Cryptography
Cryptography#
Cryptography is the science of protecting information by transforming it into an unreadable format (ciphertext) using algorithms and mathematical keys. Authorized users can decrypt it back into readable text. It provides data confidentiality, integrity, authenticity, and non-repudiation to secure online transactions, communications, and data storage.
Encoding vs Encryption vs Hashing vs Obfuscation#
Encoding#
Encoding transforms data into another format using a scheme that is publicly available so that it can easily be reversed. It does not require a key as the only thing required to decode it is the algorithm that was used to encode it.
Examples: ASCII ↗, unicode ↗, URL Encoding, Base64 ↗
Encryption#
The purpose of encryption is to transform data in order to keep it secret from others, e.g. sending someone a secret letter that only they should be able to read, or securely sending a password over the Internet. Rather than focusing on usability, the goal is to ensure the data cannot be consumed by anyone other than the intended recipient(s).
Encryption transforms data into another format in such a way that only specific individual(s) can reverse the transformation. It uses a key, which is kept secret, in conjunction with the plaintext and the algorithm, in order to perform the encryption operation. As such, the ciphertext, algorithm, and key are all required to return to the plaintext.
Examples: AES ↗, Blowfish ↗, RSA ↗
Hashing#
Hashing is a process that takes input data and produces a hash value, a fixed-size string of characters, also referred to as digest. This hash value uniquely represents the data, and any change in the data, no matter how small, should lead to a change in the hash value. Hashing should not be confused with encryption or encoding; hashing is one-way, and you can’t reverse the process to get the original data.
Examples: SHA-3 ↗, MD5 ↗, etc.
Obfuscation#
The purpose of obfuscation is to make something harder to understand, usually for the purposes of making it more difficult to attack or to copy.
- One common use is the the obfuscation of source code so that it’s harder to replicate a given product if it is reverse engineered.
- It’s important to note that obfuscation is not a strong control (like properly employed encryption) but rather an obstacle. It, like encoding, can often be reversed by using the same technique that obfuscated it. Other times it is simply a manual process that takes time to work through.
- Another key thing to realize about obfuscation is that there is a limitation to how obscure the code can become, depending on the content being obscured. If you are obscuring computer code, for example, the limitation is that the result must still be consumable by the computer or else the application will cease to function.

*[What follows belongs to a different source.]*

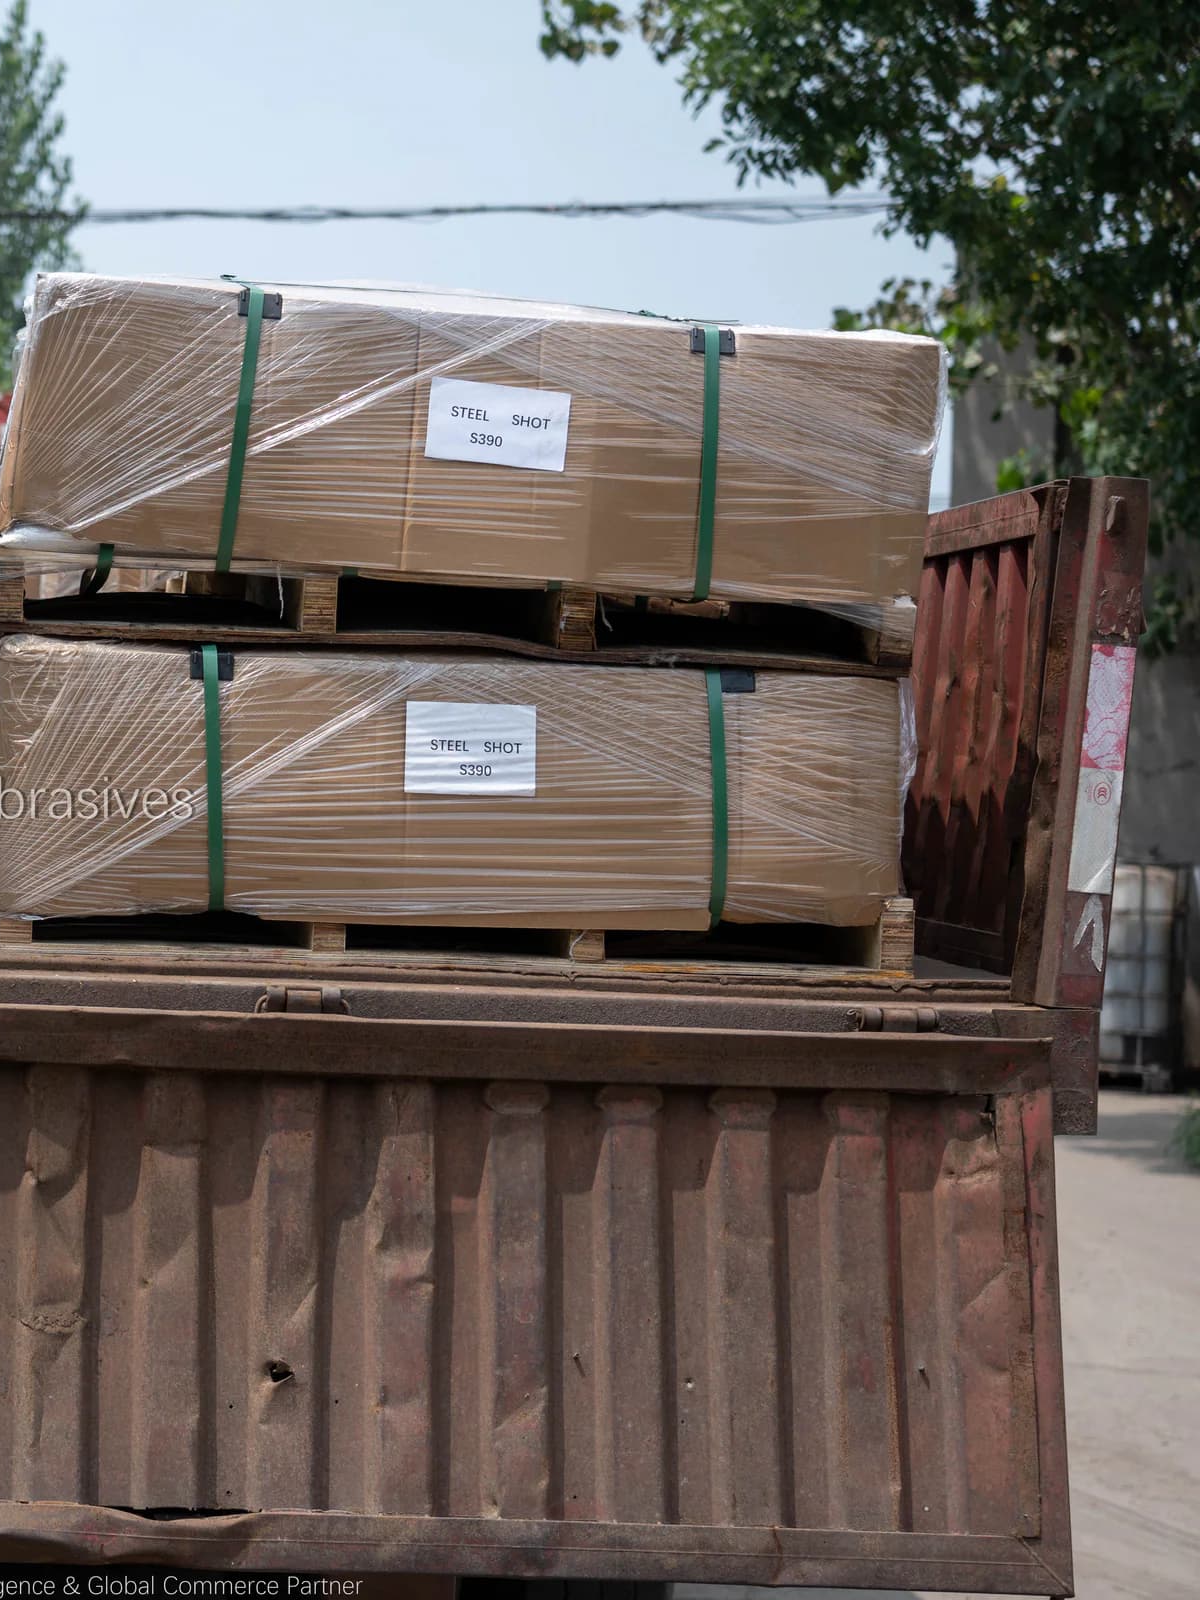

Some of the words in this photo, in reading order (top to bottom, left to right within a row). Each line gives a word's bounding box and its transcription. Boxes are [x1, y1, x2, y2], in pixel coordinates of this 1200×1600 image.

Examples: JavaScript Obfuscator ↗, ProGuard ↗
Obscurity is not security#
In the world of cryptography, a cipher must be proven to be unbreakable before claiming that it is secure. According to Kerckhoff’s principle ↗, cryptography should be designed in such a way that all the details of an algorithm—except for the private key—should be knowable without sacrificing its security. For example, you can access all the details about how AES encryption works online and yet it is still unbreakable.
Occasionally, organizations implement their own, custom encryption algorithms. There have been instances where those secret cryptographic systems have been quickly cracked after being made public.
A cryptographic system should not be considered secure if it requires secrecy around how it works.